▶ **DIRECTIONS**
Give back each record precisely, pictures excluded.

▶ **DATA PROVIDED**
►

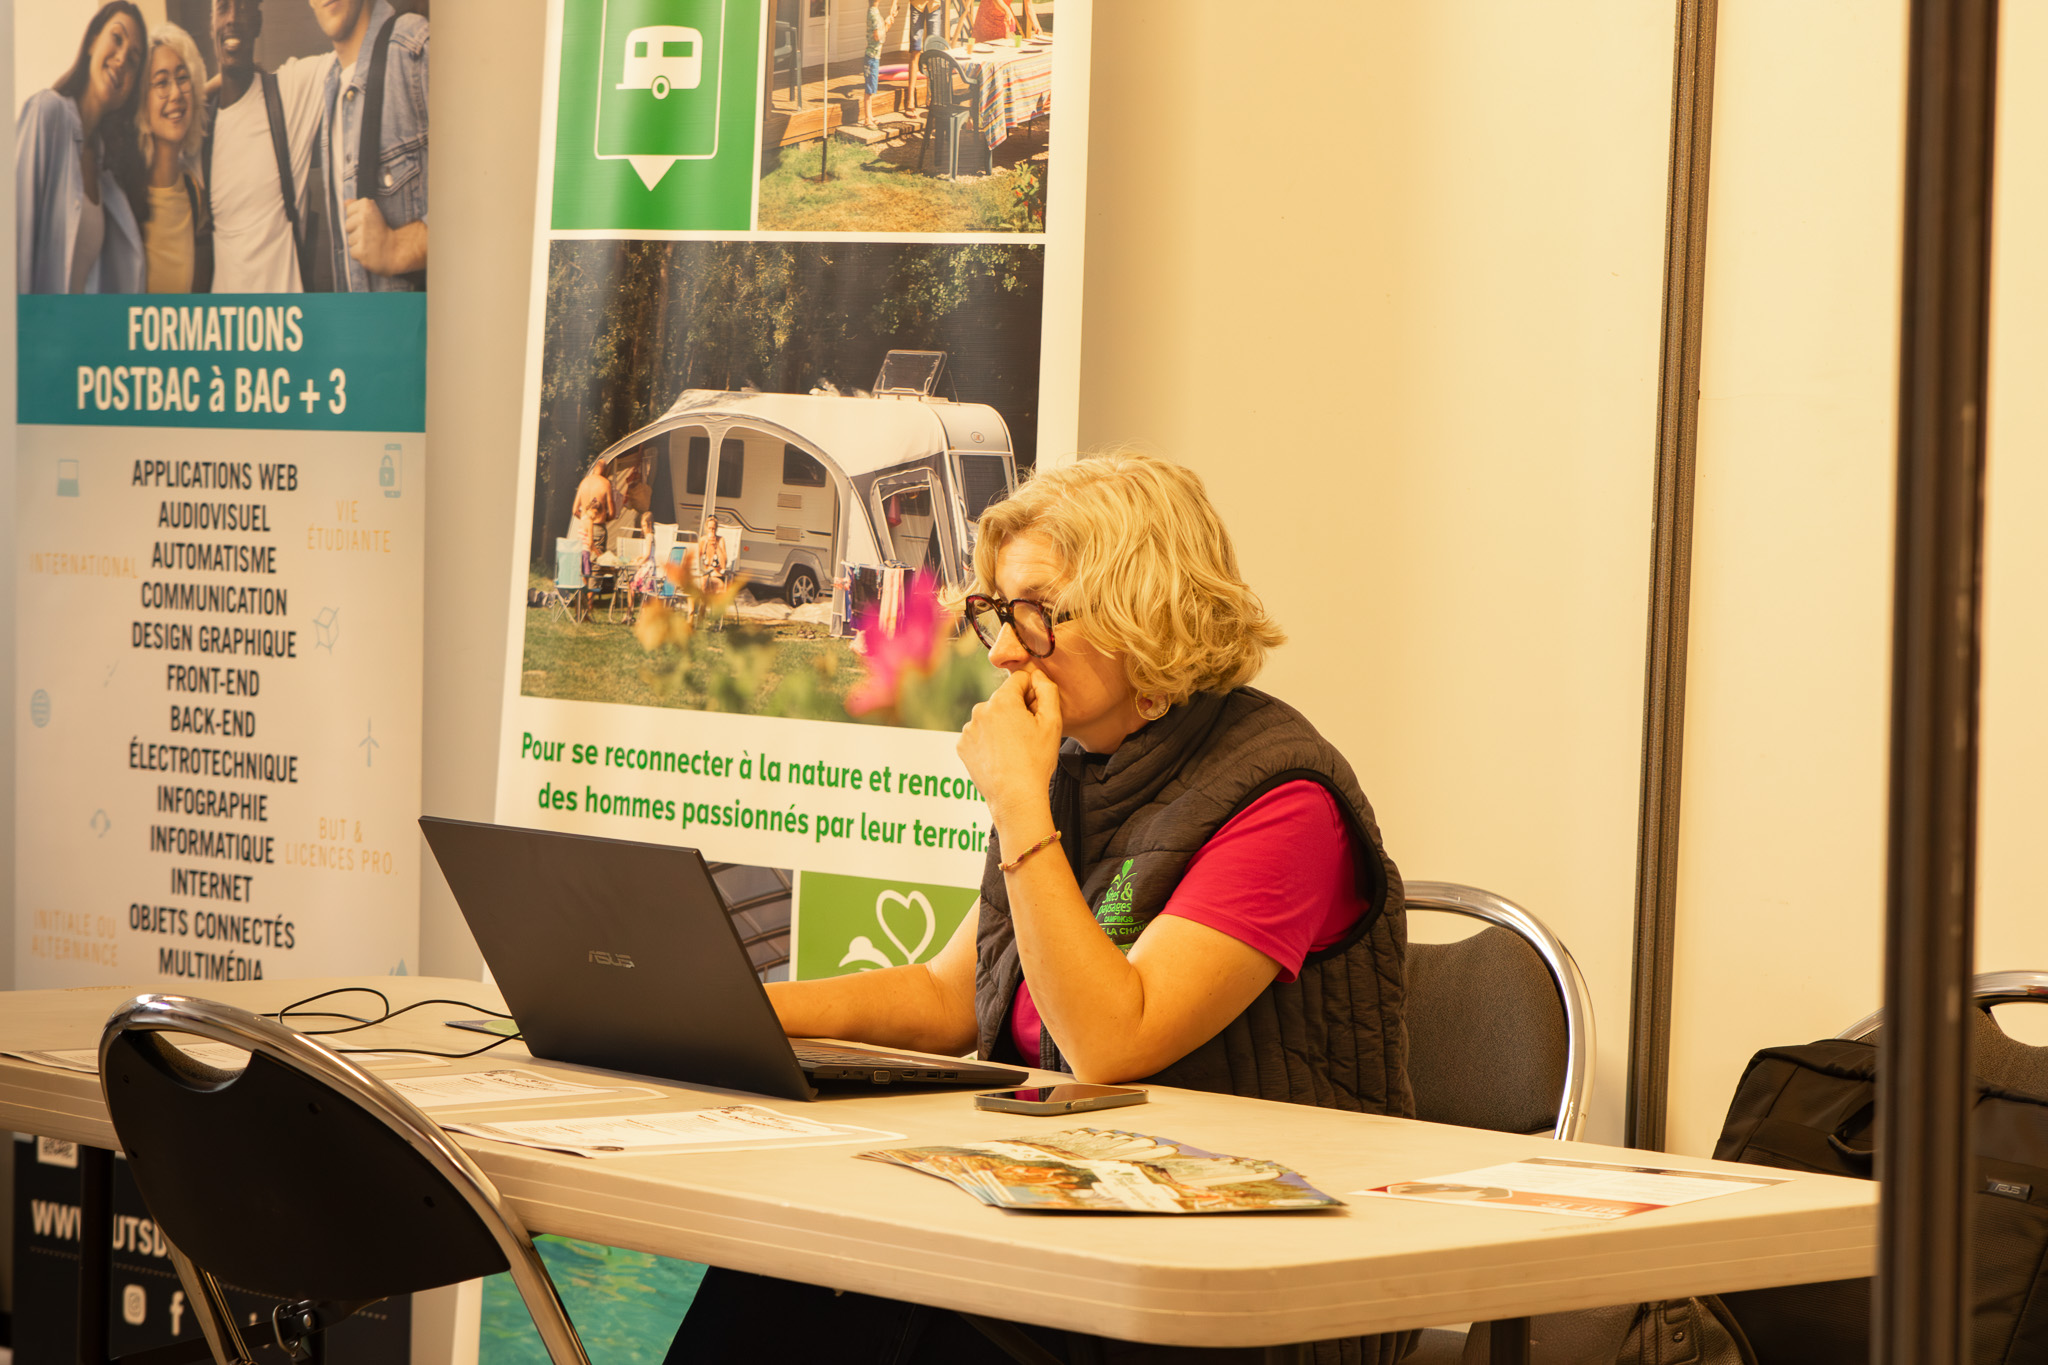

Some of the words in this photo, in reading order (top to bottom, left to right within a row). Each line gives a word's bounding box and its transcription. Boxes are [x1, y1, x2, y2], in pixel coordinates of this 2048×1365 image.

[128, 306, 303, 352] FORMATIONS
[77, 366, 200, 411] POSTBAC
[210, 365, 225, 412] à
[235, 368, 290, 413] BAC
[300, 379, 320, 414] +
[329, 368, 347, 414] 3
[132, 459, 252, 490] APPLICATIONS
[259, 463, 298, 491] WEB
[158, 501, 271, 532] AUDIOVISUEL
[336, 500, 359, 523] VIE
[307, 522, 391, 553] ÉTUDIANTE
[30, 552, 138, 579] INTERNATIONAL
[152, 541, 277, 574] AUTOMATISME
[141, 582, 287, 616] COMMUNICATION
[132, 621, 193, 652] DESIGN
[199, 626, 297, 659] GRAPHIQUE
[167, 664, 260, 697] FRONT-END
[170, 705, 256, 738] BACK-END
[129, 736, 298, 783] ÉLECTROTECHNIQUE
[521, 732, 565, 763] Pour
[571, 741, 598, 765] se
[605, 745, 733, 779] reconnecter
[739, 750, 753, 780] à
[759, 753, 781, 783] la
[788, 759, 863, 791] nature
[869, 766, 892, 793] et
[157, 785, 268, 822] INFOGRAPHIE
[538, 782, 578, 811] des
[585, 786, 675, 821] hommes
[682, 800, 809, 834] passionnés
[815, 814, 854, 843] par
[861, 812, 906, 845] leur
[913, 819, 988, 853] terroir.
[150, 825, 275, 864] INFORMATIQUE
[319, 817, 347, 840] BUT
[354, 820, 363, 843] &
[285, 843, 354, 871] LICENCES
[171, 867, 253, 903] INTERNET
[129, 903, 188, 936] OBJETS
[195, 914, 295, 949] CONNECTÉS
[159, 947, 263, 982] MULTIMÉDIA
[588, 951, 635, 968] ASUS
[1995, 1183, 2021, 1195] ASUS

◄

▶ **RESPONSE BOX**
Some of the words in this photo, in reading order (top to bottom, left to right within a row). Each line gives a word's bounding box and its transcription. Boxes are [x1, y1, x2, y2], in pixel coordinates of this 2048×1365 image.

[128, 306, 303, 352] FORMATIONS
[77, 366, 200, 411] POSTBAC
[210, 365, 225, 412] à
[235, 368, 290, 413] BAC
[300, 379, 320, 414] +
[329, 368, 347, 414] 3
[132, 459, 252, 490] APPLICATIONS
[259, 463, 298, 491] WEB
[158, 501, 271, 532] AUDIOVISUEL
[336, 500, 359, 523] VIE
[307, 522, 391, 553] ÉTUDIANTE
[30, 552, 138, 579] INTERNATIONAL
[152, 541, 277, 574] AUTOMATISME
[141, 582, 287, 616] COMMUNICATION
[132, 621, 193, 652] DESIGN
[199, 626, 297, 659] GRAPHIQUE
[167, 664, 260, 697] FRONT-END
[170, 705, 256, 738] BACK-END
[129, 736, 298, 783] ÉLECTROTECHNIQUE
[521, 732, 565, 763] Pour
[571, 741, 598, 765] se
[605, 745, 733, 779] reconnecter
[739, 750, 753, 780] à
[759, 753, 781, 783] la
[788, 759, 863, 791] nature
[869, 766, 892, 793] et
[157, 785, 268, 822] INFOGRAPHIE
[538, 782, 578, 811] des
[585, 786, 675, 821] hommes
[682, 800, 809, 834] passionnés
[815, 814, 854, 843] par
[861, 812, 906, 845] leur
[913, 819, 988, 853] terroir.
[150, 825, 275, 864] INFORMATIQUE
[319, 817, 347, 840] BUT
[354, 820, 363, 843] &
[285, 843, 354, 871] LICENCES
[171, 867, 253, 903] INTERNET
[129, 903, 188, 936] OBJETS
[195, 914, 295, 949] CONNECTÉS
[159, 947, 263, 982] MULTIMÉDIA
[588, 951, 635, 968] ASUS
[1995, 1183, 2021, 1195] ASUS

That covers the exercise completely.